Kolchak's Gold
Page 22
“At first Krausser refused to listen to my brother’s pleas for a hearing. He had heard Jewish pleading before, he was not interested. But Maxim did get the ear of an amused junior officer, a Waffen SS Hauptmann.
“Maxim implored this Hauptmann to persuade Krausser to spare the village. In return for the lives of the Jews, my brother offered to tell the Nazis where to find the gold we had buried for the Admiral.
“I have said my brother acted as if he assumed the gold was still where we had hidden it. Perhaps he did not believe that any more than I did; perhaps he only wanted to make the Germans believe it.
“Now I am on uncertain ground. I cannot describe the sequence of events, only the possibilities.
“It is likely, to me, that this Hauptmann was unimpressed by my brother’s wild story. But perhaps he repeated it at the evening mess, and perhaps his fellow young Hitlerites agreed that there was probably nothing to it—a desperate lie by a cowardly Jew trying to save his skin—but if there were any truth at all in Maxim’s story, it was possible they would find themselves in serious trouble for failure to report it.
“A hypothesis. A report goes to the Oberst—Krausser. Krausser feels there is probably nothing to it, but it cannot hurt to listen to the Jew—the story sounds entertaining.
“I know from Zalmanson that my brother was granted an audience with Krausser that night. I do not know what was said; one can guess.
“My brother is earnest, compelling. Perhaps he begins by demanding the lives of all surviving Russian Jews in return for leading the Germans to the gold. Krausser replies caustically that even if this fantasy has truth in it, the gold is hidden a thousand miles beyond German lines in the deep heart of the Soviet Union. What good is this to the Third Reich?
“But Maxim is adamant—persuasive. Krausser hears him out. Finally Krausser probes: an offer. If what Maxim says proves to be true, the villagers will indeed be spared. His promise, on his word as a German officer.
“Not the villagers, Maxim insists. Consider the value of this hoard. Billions of Reichsmarks. Billions. All the Jews who are still alive must be spared.
“The village, Krausser says. Only the village. Gold is not that important. Important but not that important.

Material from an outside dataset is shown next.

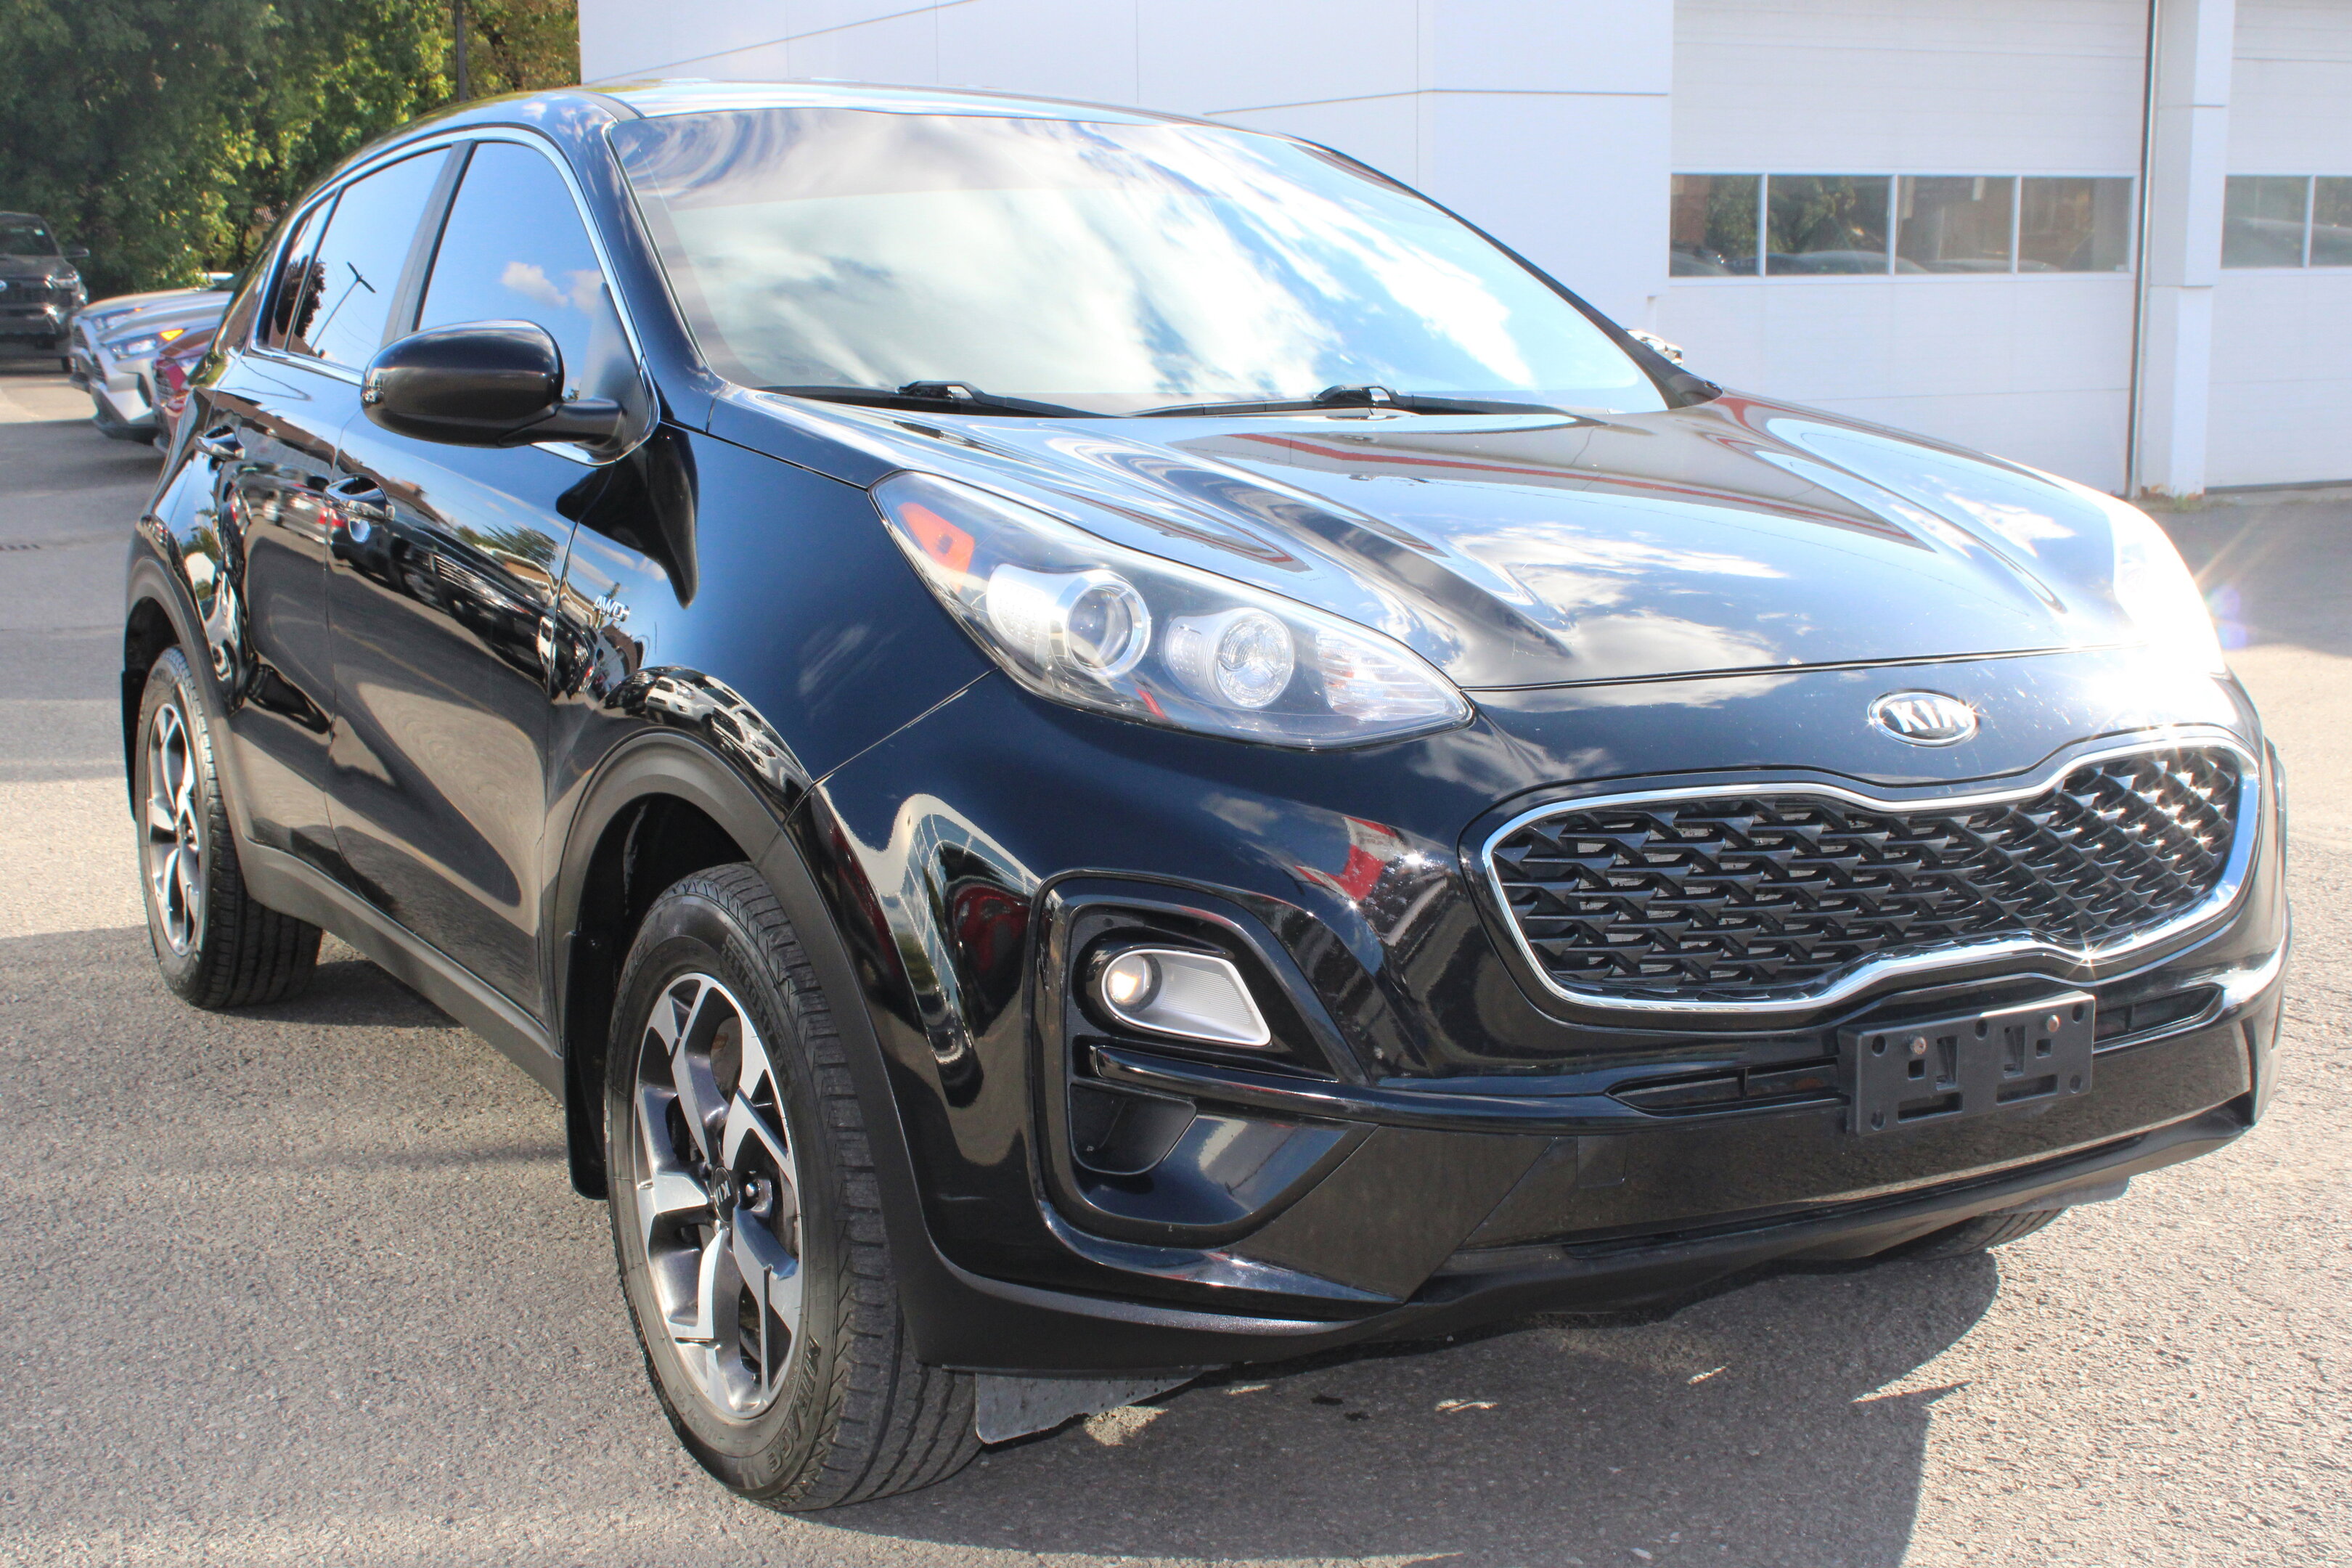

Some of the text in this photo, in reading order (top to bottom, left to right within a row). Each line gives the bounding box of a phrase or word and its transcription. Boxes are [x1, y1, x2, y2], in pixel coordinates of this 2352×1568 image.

[594, 595, 627, 621] AWD
[1885, 700, 1973, 733] KIA
[767, 1333, 821, 1474] MIRAGE

“Now Maxim sees that there is no hope of gaining a wider reprieve. The shtetl, only the shtetl. Yet Maxim knows about German honor. He insists that he be given a guarantee of safety for the villagers from a higher, more responsible official than Krausser. He picks a name out of the air, a name he has heard—General von Bock’s name because von Bock is known, even to his enemies, to be an honorable old-fashioned soldier.
“A guarantee in writing, personally signed by von Bock. Only then will he reveal the location of the gold.

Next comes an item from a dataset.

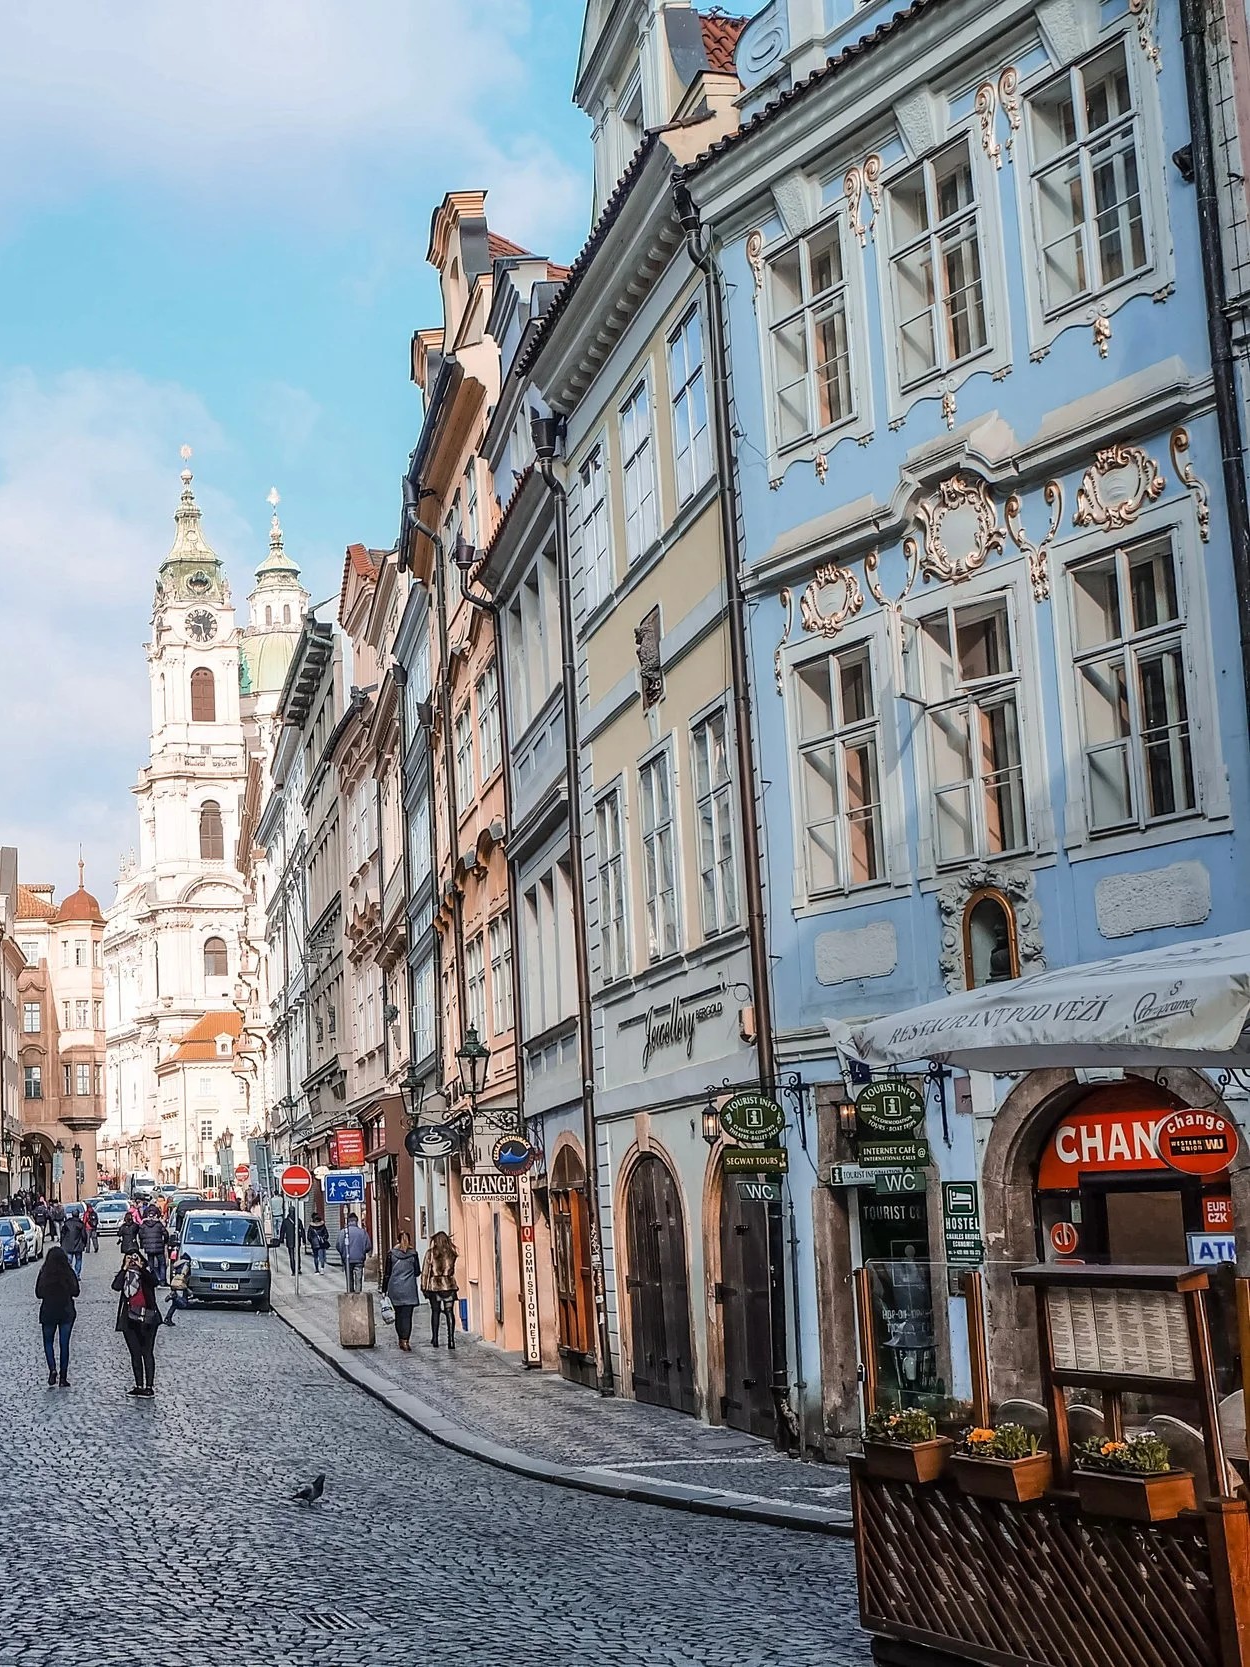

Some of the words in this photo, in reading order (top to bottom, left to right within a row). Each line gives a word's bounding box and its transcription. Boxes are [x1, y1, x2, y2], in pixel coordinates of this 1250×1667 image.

“Now it goes through Krausser’s mind that he could torture this Jew and make him talk. But he is impressed by Maxim. Maxim is a very big man, powerful. His eyes are calm and level. He has lived with torture half his life—the torture from within. He will not break easily. It would take a long time and the results are never guaranteed: men under torture have willed themselves to die. In any case it would take time and these SS do not have a great deal of time. The Nazis are always in a hurry. There are other villages: Jews to kill.
“My brother gains a temporary reprieve. In the morning the villagers queue up for registration. The twelve hundred and seven men, women and children are stripped of their valuables and ordered to wear Star of David armbands at all times—and then they are released to go home.

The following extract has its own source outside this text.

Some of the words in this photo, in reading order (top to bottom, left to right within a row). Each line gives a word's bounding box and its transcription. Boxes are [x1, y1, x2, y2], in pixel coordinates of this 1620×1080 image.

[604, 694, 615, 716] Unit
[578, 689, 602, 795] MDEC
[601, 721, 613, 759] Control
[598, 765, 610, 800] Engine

“Krausser allows an appropriate interval to pass and then in due course a written guarantee over General von Bock’s signature is presented to my brother by Herr Krausser. Two or three army command orders, bearing von Bock’s signature, are shown to my brother so that he may be sure the signature is genuine.
“Krausser speaks with feigned anger, talking very fast, insisting that my brother realize that the reprieve remains only temporary until it is ascertained whether his story is true. Until that time the shtetl remains in jeopardy, and only if the gold is found will the Jews be spared. In the meantime the village must consider itself collectively under arrest and subject to the strictures of Nazi martial law.
“Actually what has transpired in the interval, one must assume, is a series of communications between Krausser and General von Geyr, between Krausser and other officers, and between Krausser’s superiors and Berlin.* Krausser was not an educated man—I doubt he had any Russian history, I doubt he knew whether there ever had been a Czarist treasury, let alone what happened to it. Confirming those details of Maxim’s account which could be proved must have taken some part of this time.
“Now everything the Germans learn tends to support the authenticity of Maxim’s story. In time, as we know, an expedition was sent to look for the gold. But in the meantime.…
“The village had been spared, it appeared. The Spandaus had been dismounted from their tripods. The main body of Krausser’s force had moved on to some other slaughtering ground. According to Zalmanson, a platoon of Waffen SS under the combined command of an SS Leutnant and some sort of Gestapo official was left to maintain German order in the shtetl.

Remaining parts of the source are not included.